[Images for object localization]
──────────
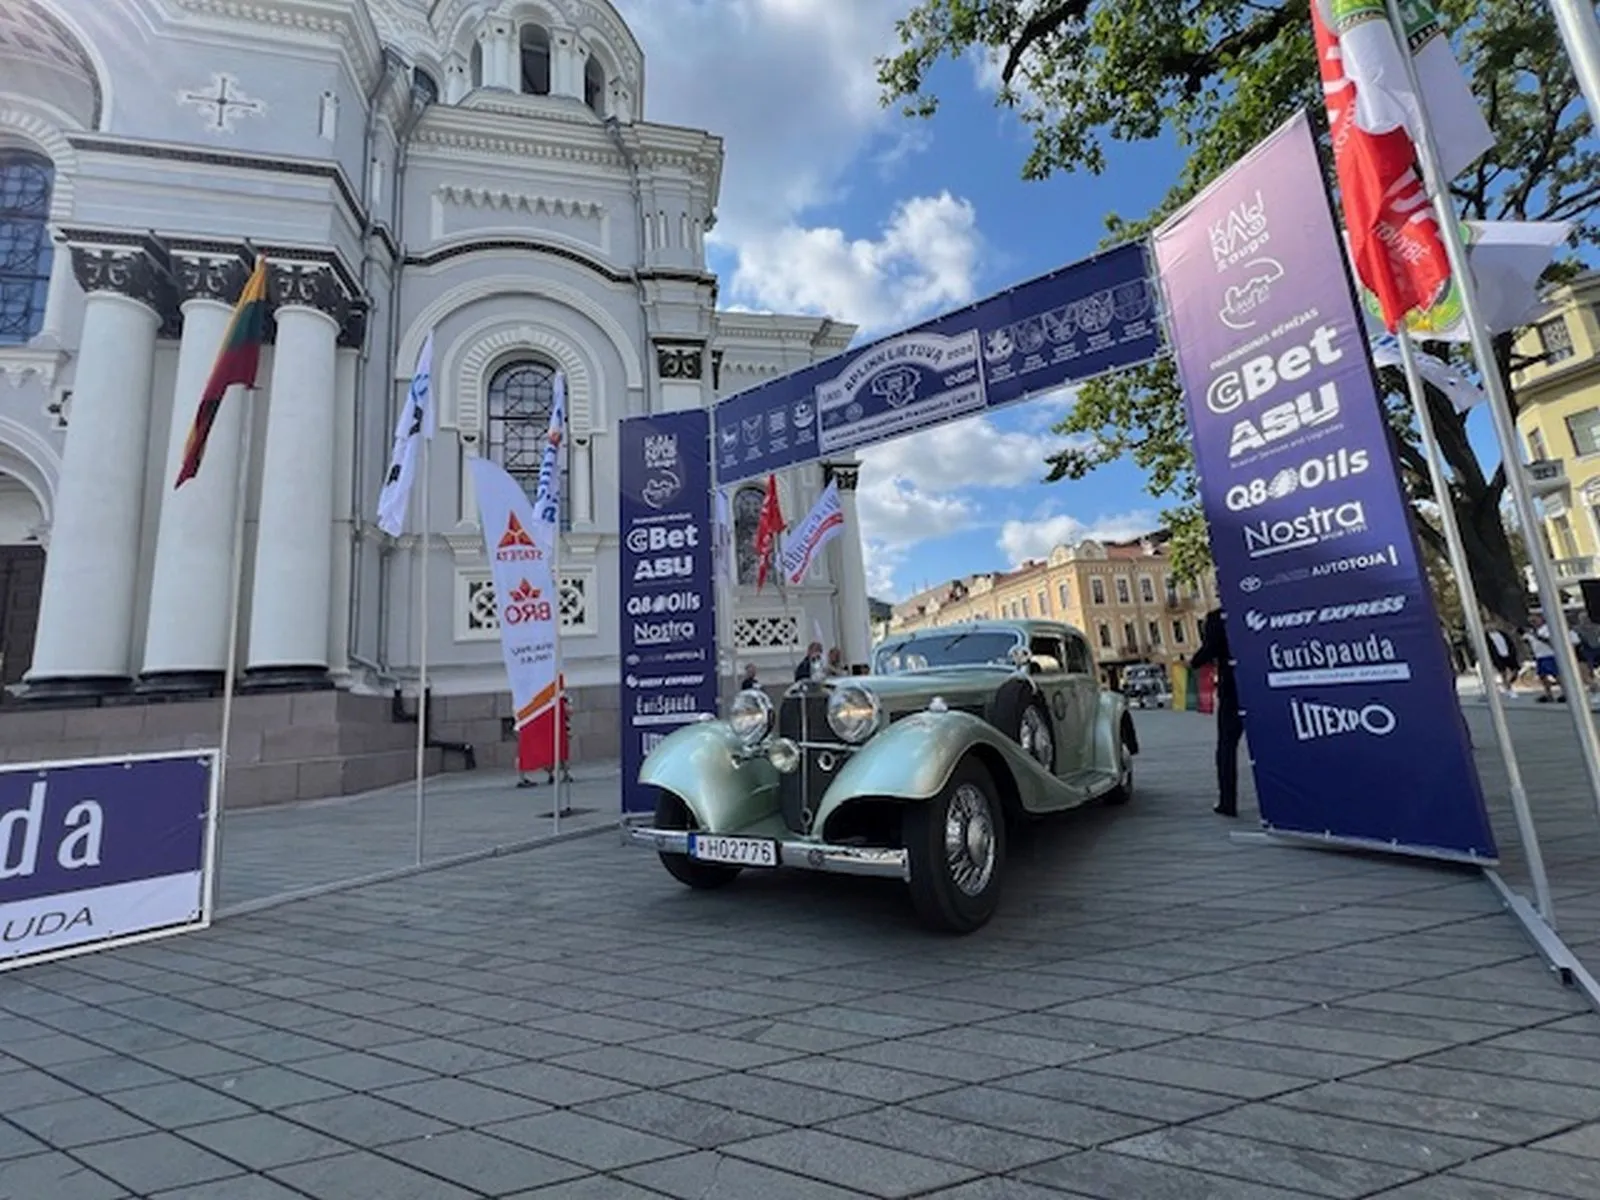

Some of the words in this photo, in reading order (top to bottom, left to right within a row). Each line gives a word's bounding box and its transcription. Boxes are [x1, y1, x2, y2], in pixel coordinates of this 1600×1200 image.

[1228, 381, 1340, 459] ASU
[1226, 478, 1267, 511] Q8
[1300, 447, 1370, 488] Oils
[1243, 501, 1366, 551] Nostra
[633, 555, 693, 580] ASU
[1311, 552, 1386, 577] AUTOTOJA
[667, 592, 700, 612] Oils
[1269, 610, 1317, 630] WEST
[1318, 595, 1406, 623] EXPRESS
[633, 620, 695, 640] Nostra
[1290, 697, 1396, 740] LITEXPO
[707, 839, 772, 864] H02776
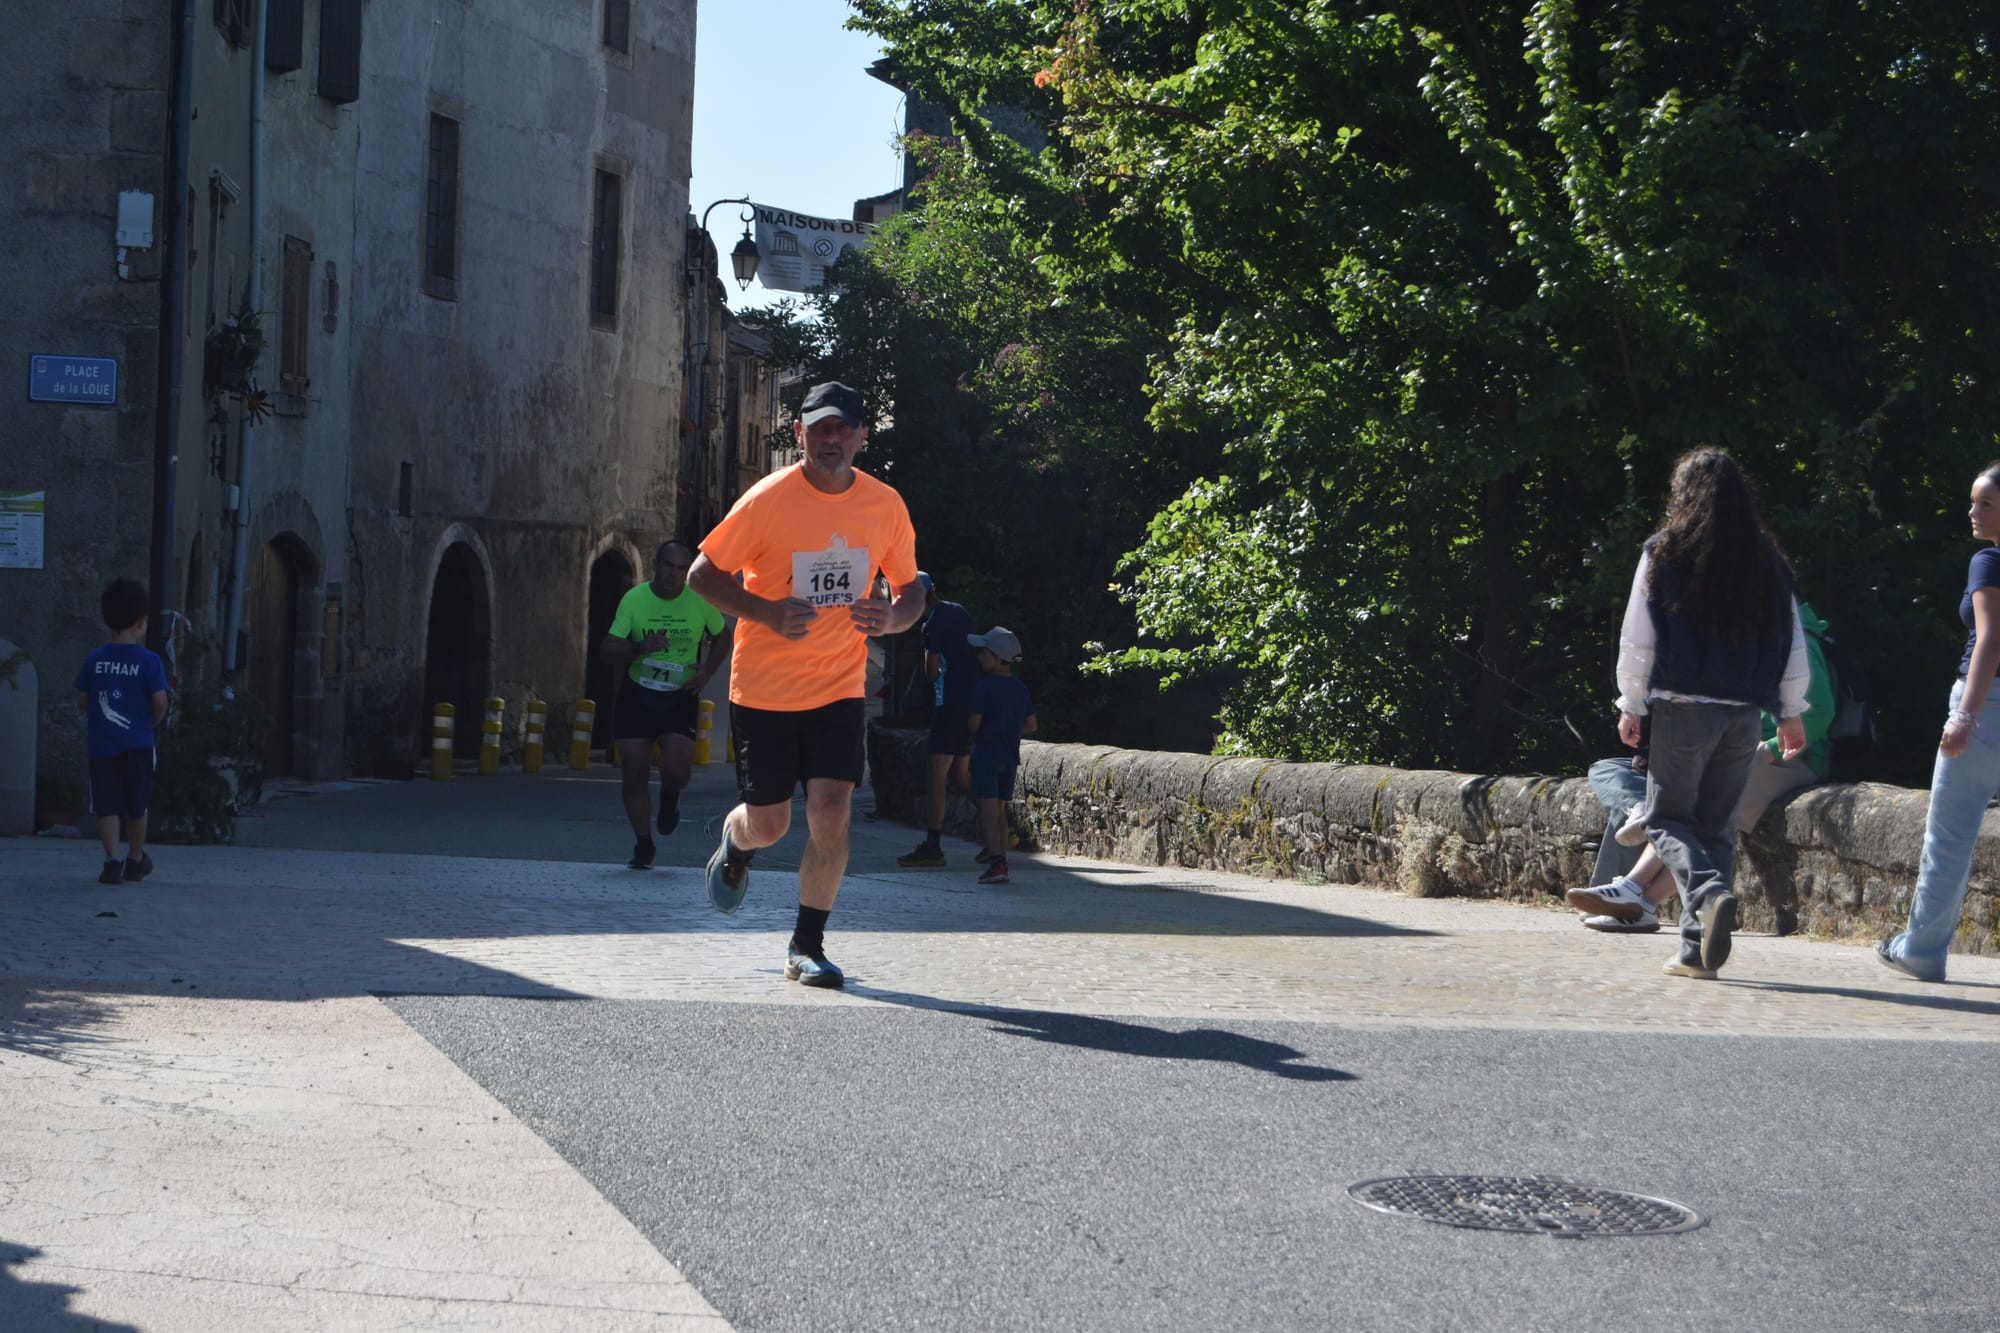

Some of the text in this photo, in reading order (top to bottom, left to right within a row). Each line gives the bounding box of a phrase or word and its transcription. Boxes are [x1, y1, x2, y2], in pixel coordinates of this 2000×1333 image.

[759, 209, 835, 233] MAISON
[841, 222, 866, 235] DE
[65, 364, 100, 378] PLACE
[53, 382, 110, 396] de la LOUE
[810, 571, 850, 592] 164
[806, 592, 853, 605] TUFF'S
[95, 661, 139, 676] ETHAN
[651, 666, 670, 682] 71
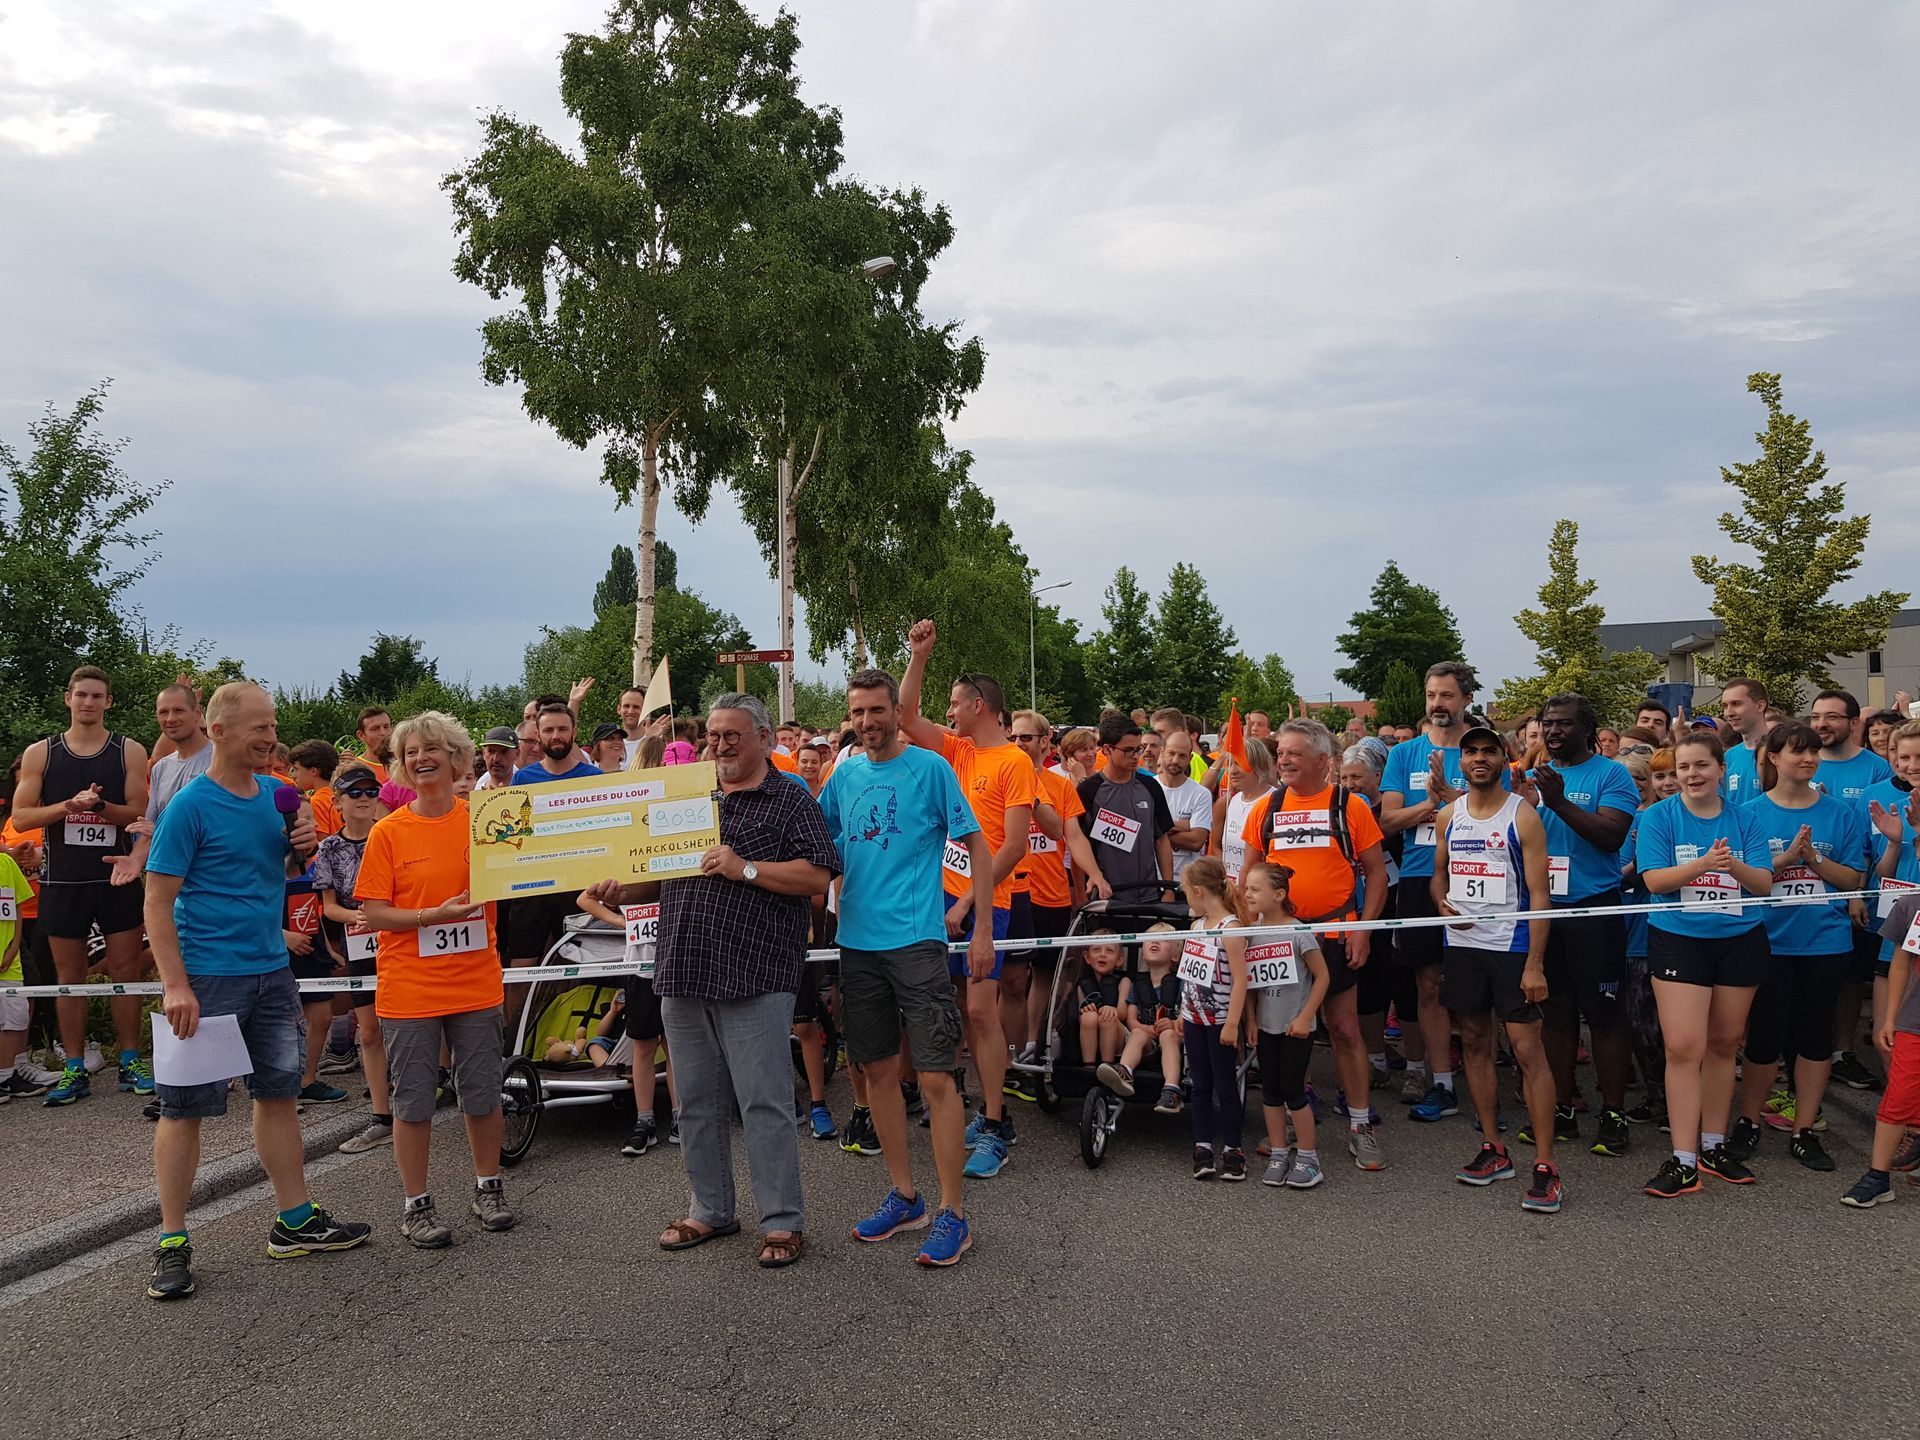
──────────
Set down every entry above exactly as written. Leave out all pictures.

**WRITTEN RESPONSE:**
Some of the words in this photo, in reading order (top to bottom, left to right within a row). Each line gives a word's bounding box and its transcription. Boxes are [x1, y1, x2, y2], in pixel coordinates of this 1600×1200 image.

[1228, 381, 1340, 459] ASU
[1226, 478, 1267, 511] Q8
[1300, 447, 1370, 488] Oils
[1243, 501, 1366, 551] Nostra
[633, 555, 693, 580] ASU
[1311, 552, 1386, 577] AUTOTOJA
[667, 592, 700, 612] Oils
[1269, 610, 1317, 630] WEST
[1318, 595, 1406, 623] EXPRESS
[633, 620, 695, 640] Nostra
[1290, 697, 1396, 740] LITEXPO
[707, 839, 772, 864] H02776

Some of the text in this photo, in reading order (top to bottom, left to right within a row). Each line gives the bounding box of a phrase or word and its transcription. Boxes are [x1, y1, x2, y2], in pixel coordinates of this 2000×1333 image.

[759, 209, 835, 233] MAISON
[841, 222, 866, 235] DE
[65, 364, 100, 378] PLACE
[53, 382, 110, 396] de la LOUE
[810, 571, 850, 592] 164
[806, 592, 853, 605] TUFF'S
[95, 661, 139, 676] ETHAN
[651, 666, 670, 682] 71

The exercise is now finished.